Task prompt
Return all the entries exactly. No pictures.

Saved entries
▼

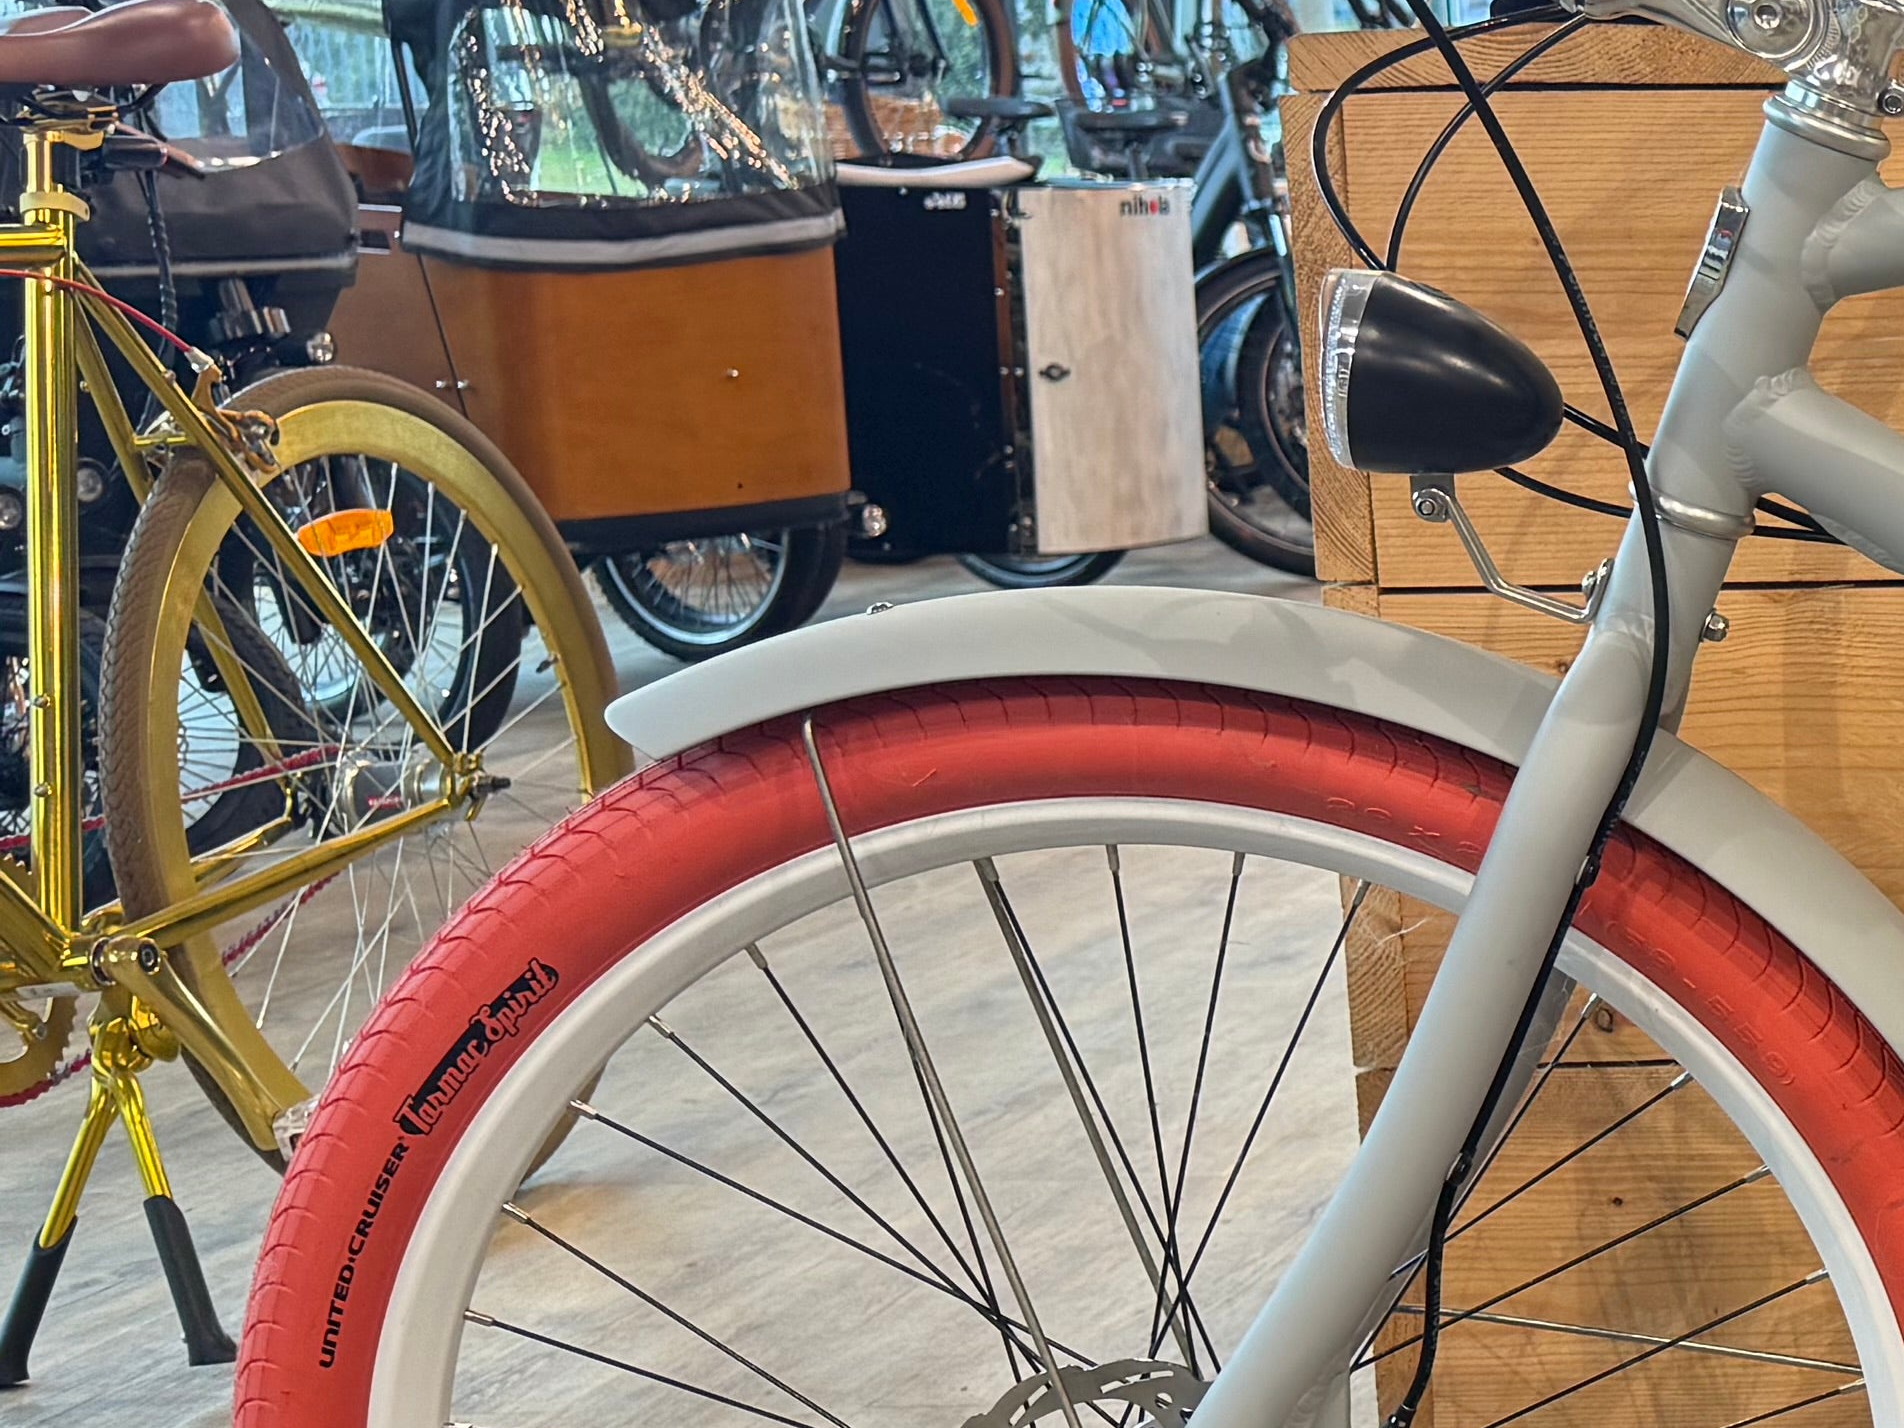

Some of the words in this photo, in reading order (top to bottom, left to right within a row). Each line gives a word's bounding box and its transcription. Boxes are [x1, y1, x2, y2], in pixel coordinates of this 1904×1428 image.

[1119, 194, 1170, 217] nihola
[392, 1036, 490, 1138] Tarmac
[470, 957, 561, 1047] Spirit
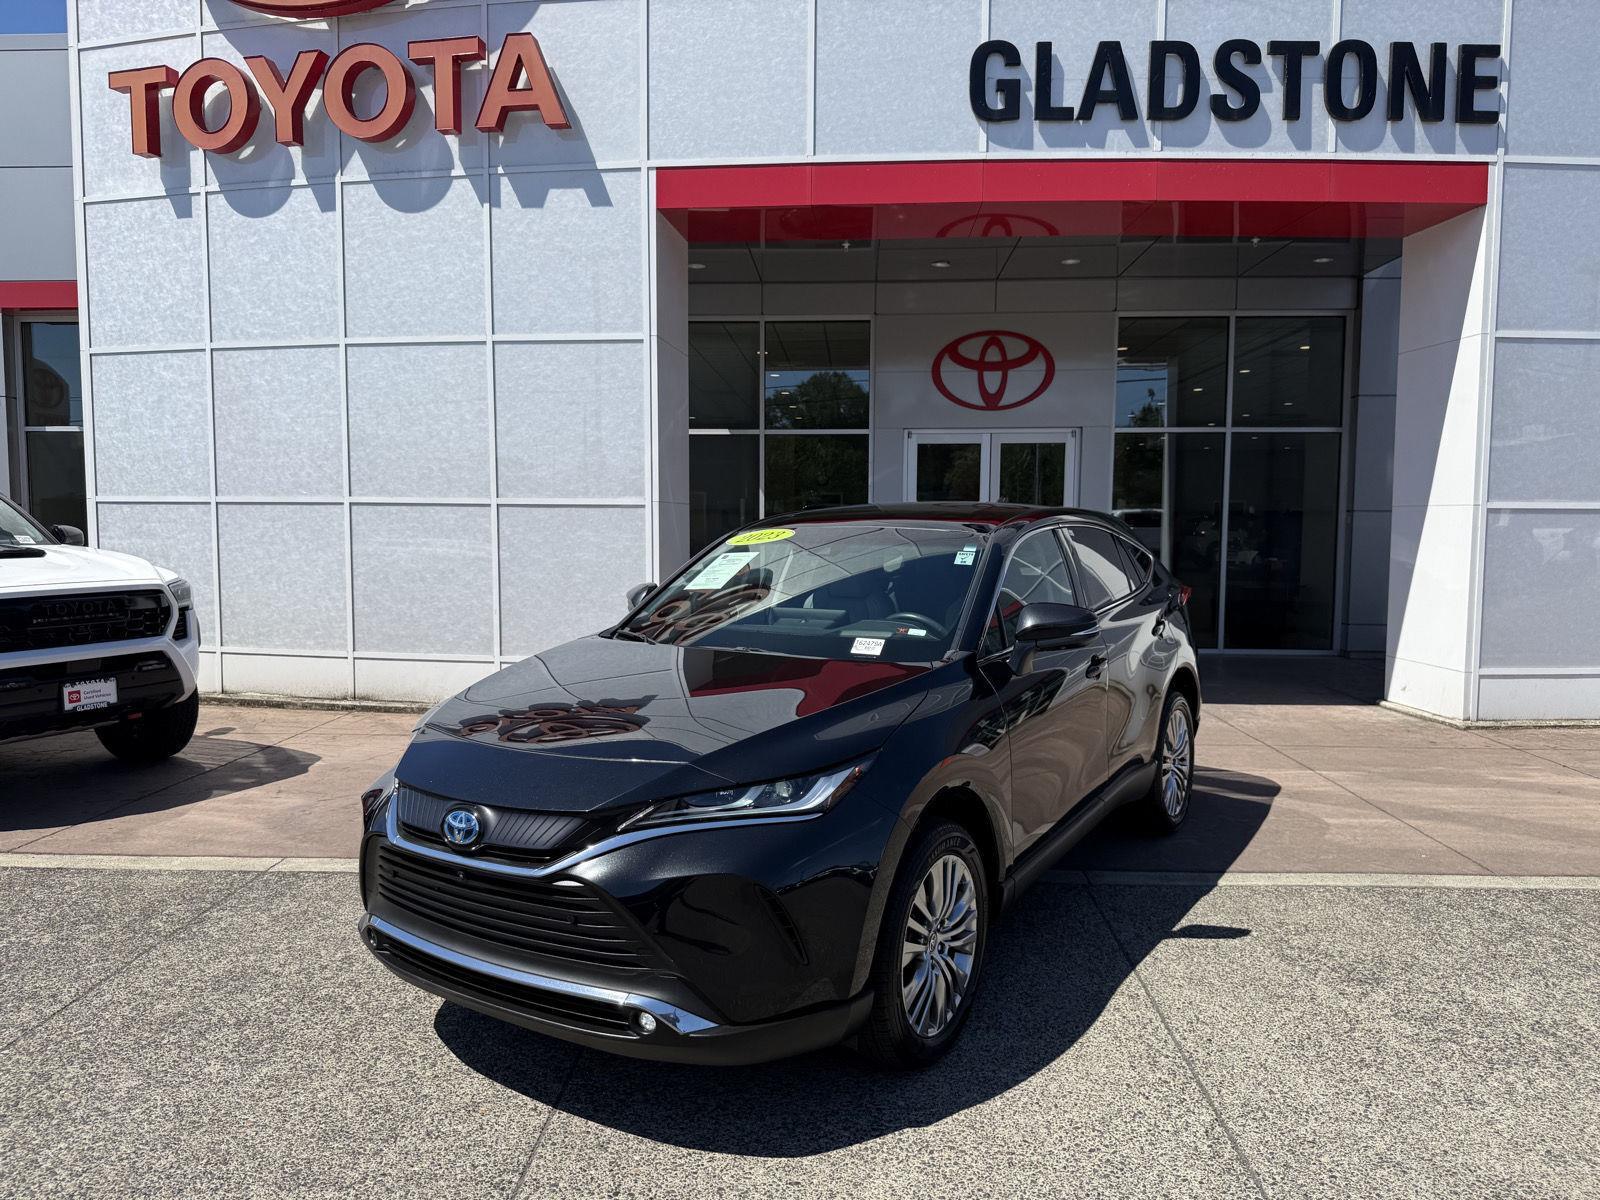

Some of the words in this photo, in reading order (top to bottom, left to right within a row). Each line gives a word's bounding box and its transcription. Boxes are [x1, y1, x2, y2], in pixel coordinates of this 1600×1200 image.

[970, 39, 1501, 125] GLADSTONE
[108, 33, 571, 158] TOYOTA
[44, 600, 117, 616] TOYOTA
[75, 678, 105, 686] TOYOTA
[77, 702, 108, 712] GLADSTONE
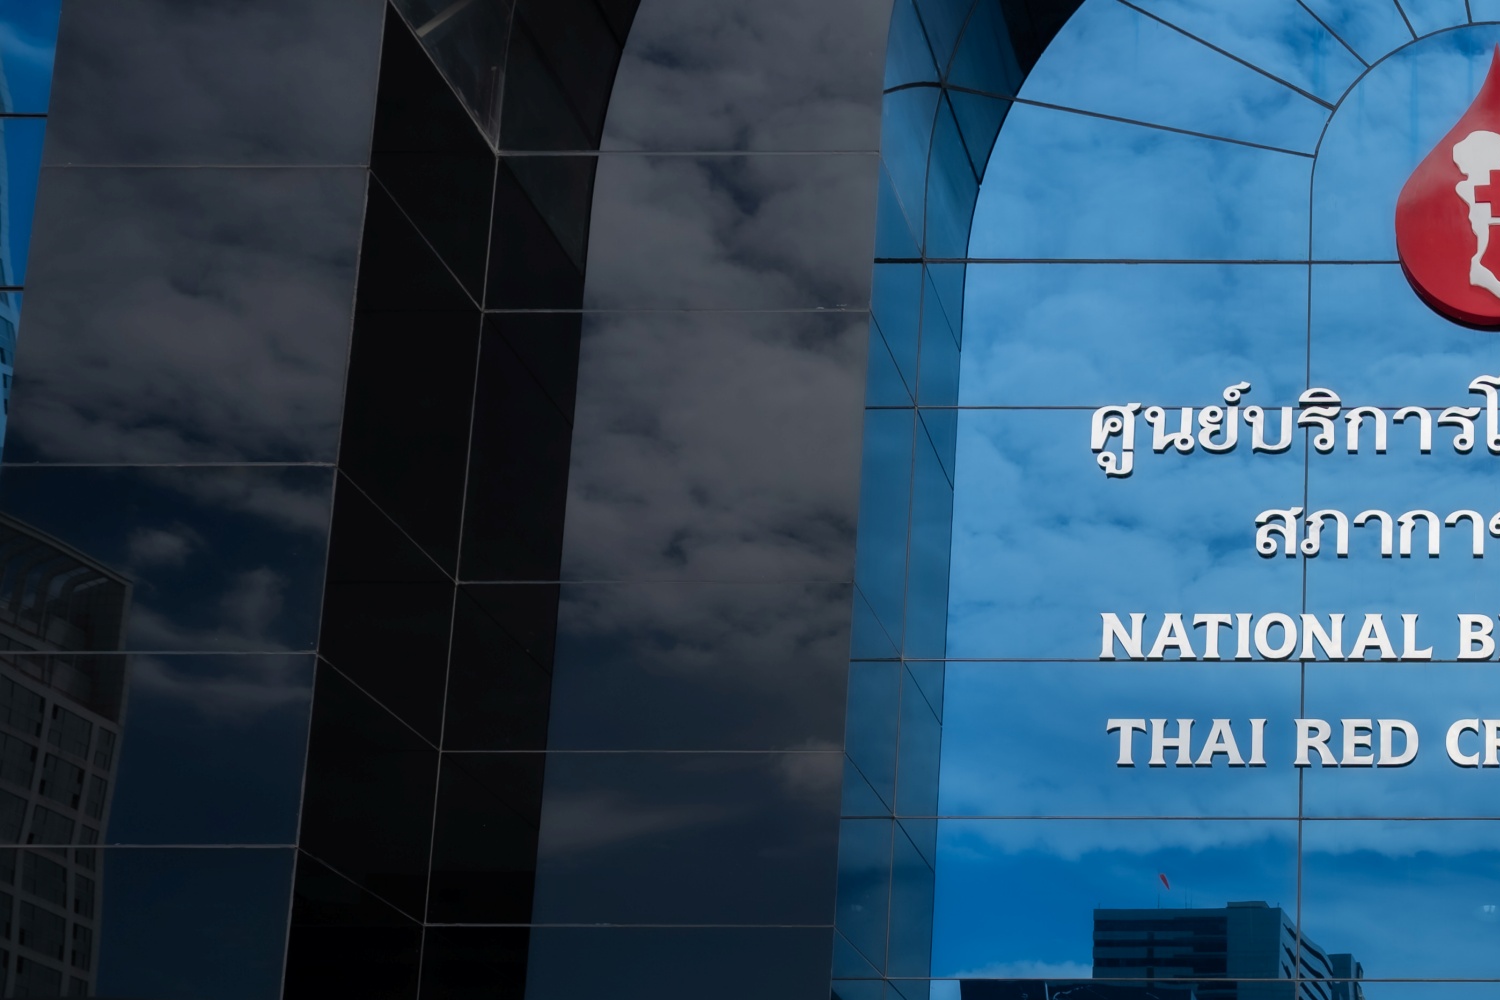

▲

Solution to the exercise
Some of the words in this photo, in reading order (top to bottom, left to right within a row). Each line gives a word's bounding box and its transcription. Boxes are [x1, y1, x2, y2], in pixel coordinates of this 1904×1428 image.

[1119, 194, 1170, 217] nihola
[392, 1036, 490, 1138] Tarmac
[470, 957, 561, 1047] Spirit

Some of the words in this photo, in reading order (top to bottom, left to right within a row). Each line gives a word's bounding box and its transcription. Boxes are [x1, y1, x2, y2], in pixel coordinates of this 1600×1200 image.

[970, 39, 1501, 125] GLADSTONE
[108, 33, 571, 158] TOYOTA
[44, 600, 117, 616] TOYOTA
[75, 678, 105, 686] TOYOTA
[77, 702, 108, 712] GLADSTONE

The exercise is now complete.